Back in April the Lib Dems said:

"Liberal Democrats have costed, in full, our proposals for tax cuts. We can tell you, penny for penny, pound for pound, who pays for them. We will not have to raise VAT to deliver our promises. The Conservatives will. Let me repeat that: Our plans do not require a rise in VAT. The Tory plans do.

"Their tax promises on marriage and jobs may sound appealing. But they come with a secret VAT bombshell close behind.

"So if you??re on an ordinary income, you have a choice. If you want your taxes to rise: vote Labour or Conservative. If you want your taxes to fall: choose the Liberal Democrats."

From Liberal Democrat Voice

I realy don’t know what to say…

From Graham Barker

Wednesday, 23 June 2010

Nigel, if you really don’t know what to say then perhaps the best thing would be to say nothing at all.
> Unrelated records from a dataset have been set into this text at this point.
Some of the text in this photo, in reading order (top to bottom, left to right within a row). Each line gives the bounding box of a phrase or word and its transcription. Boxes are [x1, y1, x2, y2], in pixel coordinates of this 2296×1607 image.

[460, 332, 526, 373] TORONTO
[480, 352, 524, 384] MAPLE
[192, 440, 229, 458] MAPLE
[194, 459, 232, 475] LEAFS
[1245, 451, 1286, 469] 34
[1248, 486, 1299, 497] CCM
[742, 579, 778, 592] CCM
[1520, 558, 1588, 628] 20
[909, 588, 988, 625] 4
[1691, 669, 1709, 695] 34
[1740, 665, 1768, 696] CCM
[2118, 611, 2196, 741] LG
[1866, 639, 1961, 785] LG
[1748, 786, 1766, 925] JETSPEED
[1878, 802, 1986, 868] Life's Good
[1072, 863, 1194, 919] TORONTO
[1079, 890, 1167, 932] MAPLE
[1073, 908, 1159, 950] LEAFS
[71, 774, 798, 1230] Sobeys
We are all where we are, not where we would like to be or even where we thought we might be. This is not a time for petty, backward-looking political point scoring. Let’s at least try to be positive, pull together and drag ourselves through this mess, whoever or whatever caused it.

From N Yorke

Wednesday, 23 June 2010

I don’t know what to say as I didn’t vote Lib Dem, I would really like to hear the voice of those that did.
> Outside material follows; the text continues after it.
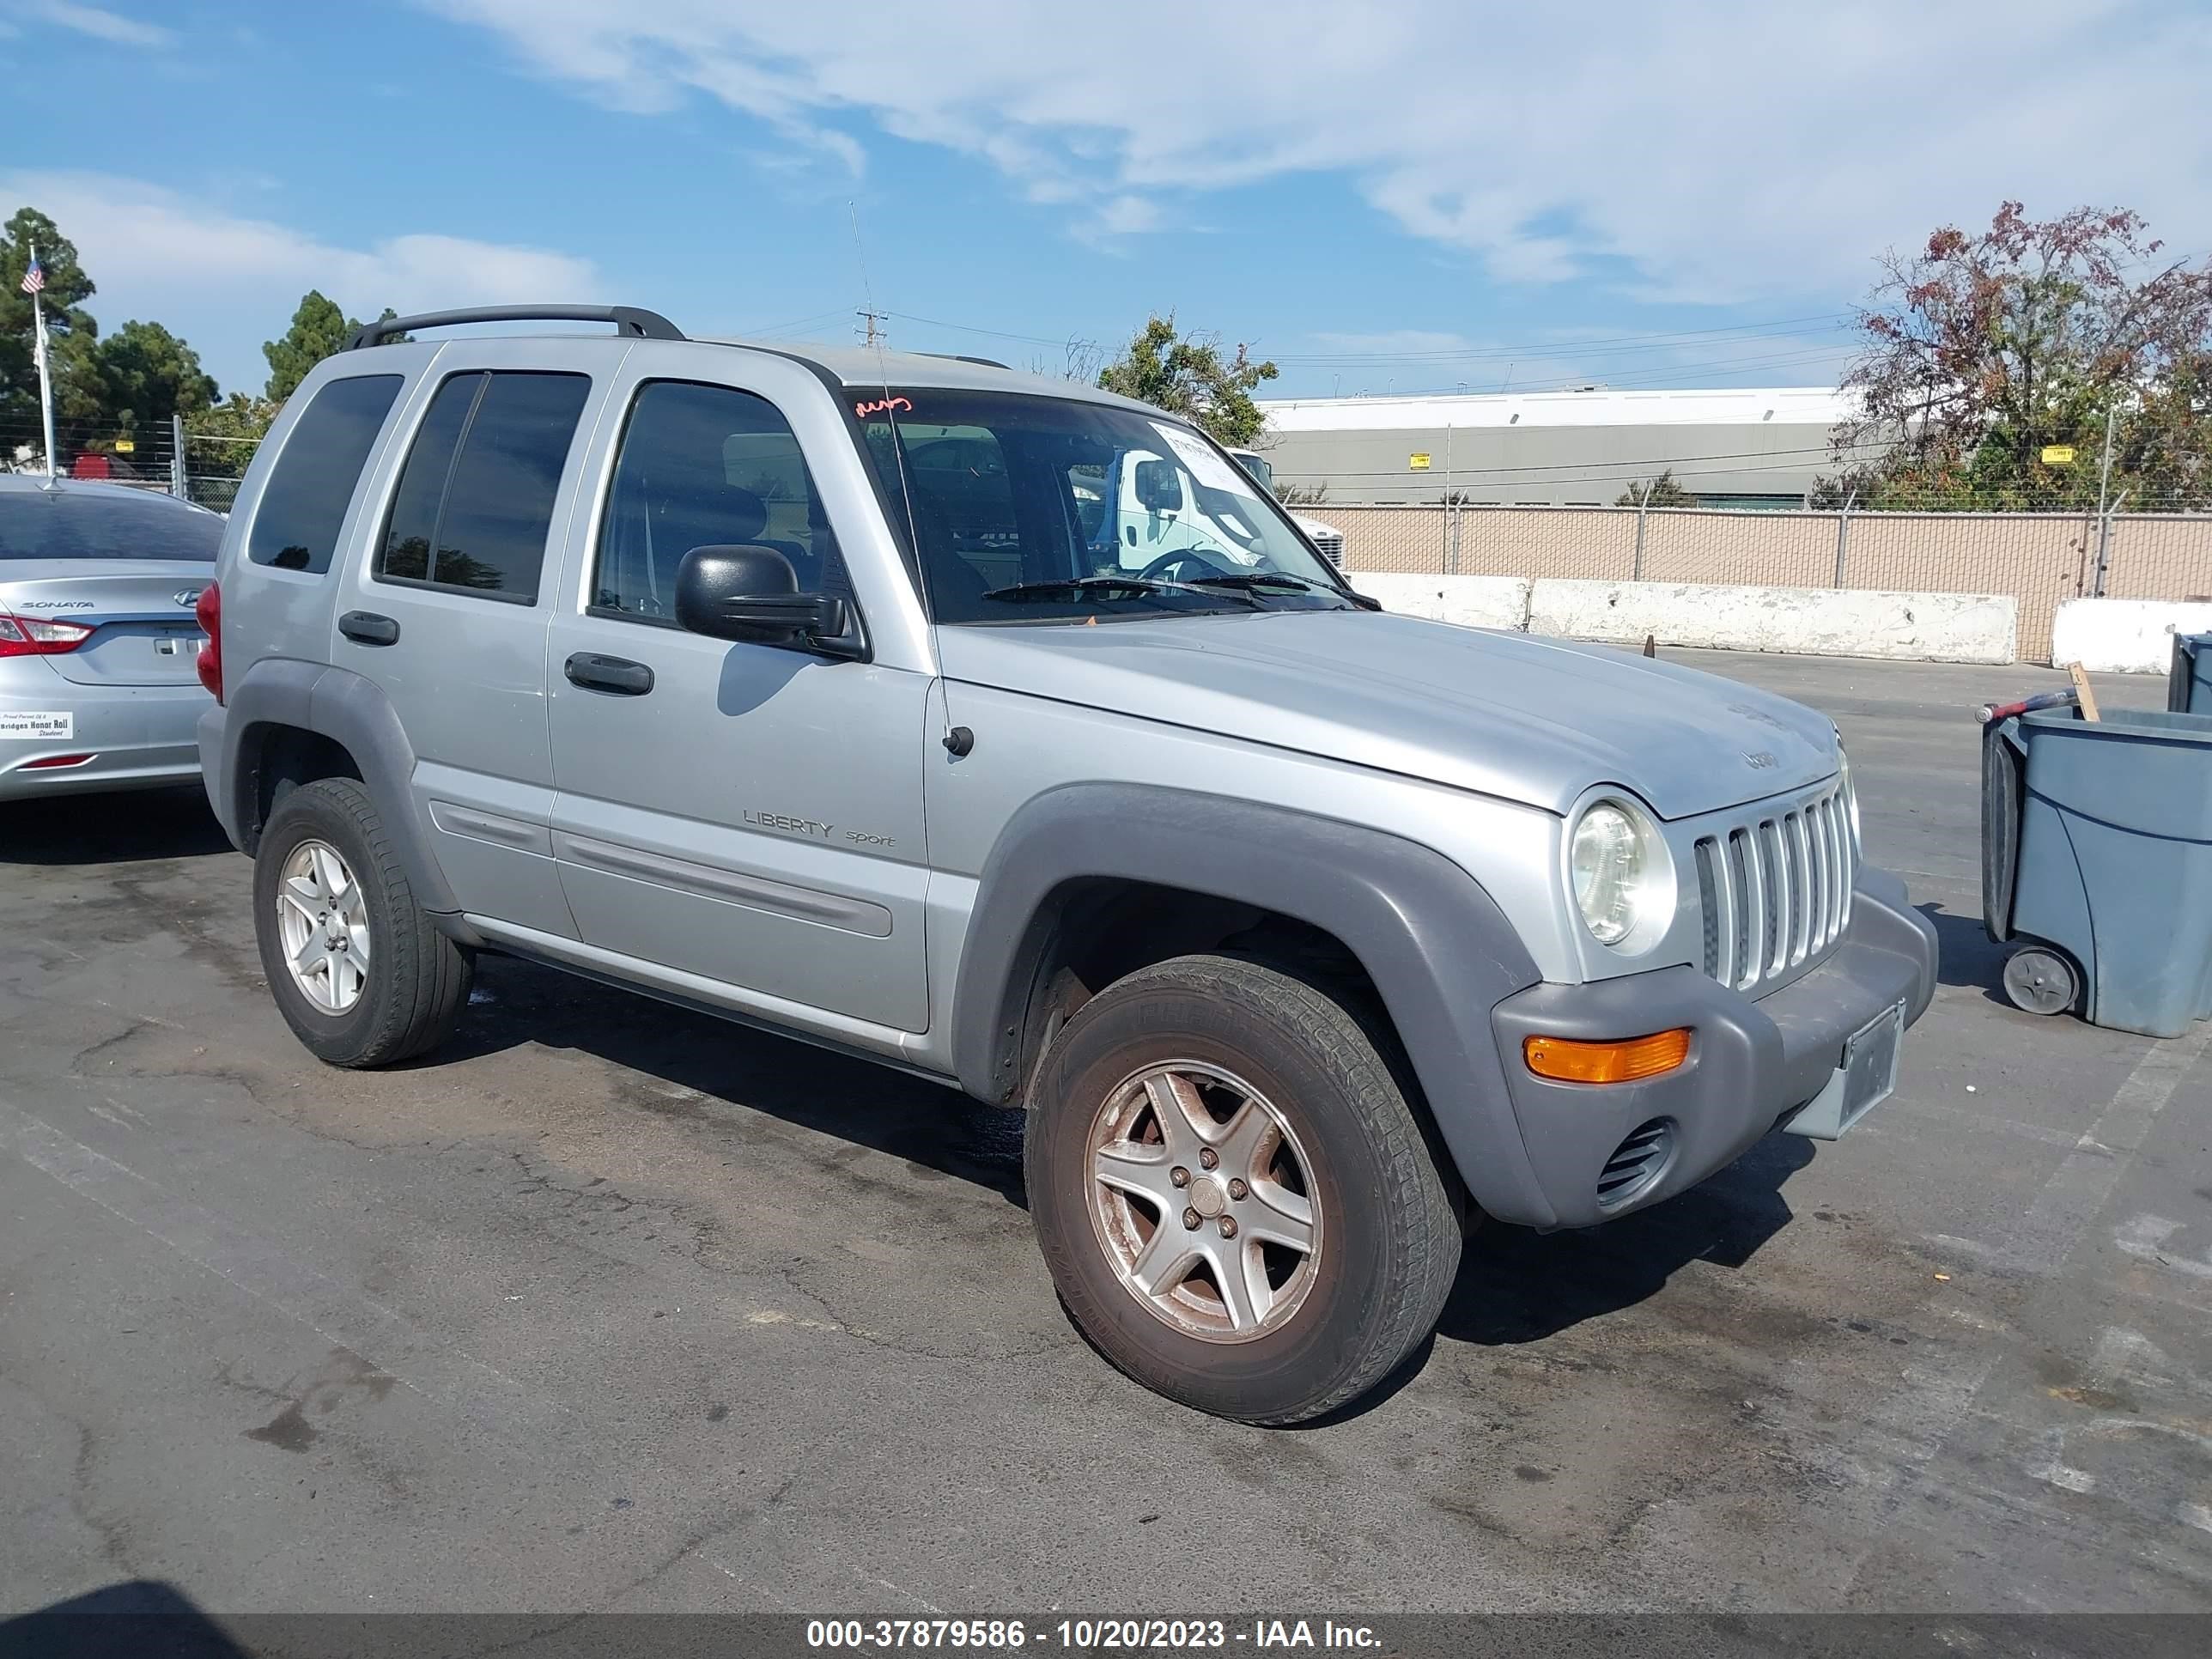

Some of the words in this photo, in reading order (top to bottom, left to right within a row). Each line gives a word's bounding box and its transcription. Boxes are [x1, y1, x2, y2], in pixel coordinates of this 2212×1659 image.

This and many other policies were explicitly and clear put forward by the Lib Dems before the election. Given the now extraordinary nature of their relationship they are building with the Tories I think saying nothing at all is not an option. I suspect no Lib Dem supporter voted with the intention of propping up a Tory Government. This isn’t backward looking point scoring; it’s about honest debate and dialogue with the electorate.

I find nothing to be positive about it the proposal that are coming out of the Conservative/Lib Dem Government at the moment and will certainly not sit back and say nothing.

I really would like to hear more from the Lib Dems themselves on these points.

From Paul Clarke

Thursday, 24 June 2010

Nigel, thanks for posting the Fib Dems laughable about face on VAT but I suspect like me you are not surprised that they say one thing and then do another. They have built a party nationally and locally on telling people what they want to hear rather than what their policies really are. Remember Calamity Clegg standing next to VAT saying no rises in VAT? Flash forward to him saying thank you to Call Me Dave in the Commons after the VAT rise is announced. Nauseating even by their standards as is Danny Alexander popping up in the Commons so enthusiastically announcing savage cuts.

Graham, here’s a newsflash for you… millions of us are “not in this together”. Millions of us didn’t vote for ConDems VAT rises, attacks on the public sector and the welfare state, the loss of 35,000 police officers, “free schools”, freezing of child benefits, freezing of public sector salaries and — this is really petty but sums up the ConDems — taking free swimming off kids and OAPs. For your information I am now at least £500 a year worse off which I didn’t vote for. Hardly in this together.

Nigel, I’m sure you noticed an unnatural period of quiet from our local Fibs. I’m assuming they are ashamed of their support for the ConDem government or if not they should be. Still, this is what happens when you vote yellow and get blue.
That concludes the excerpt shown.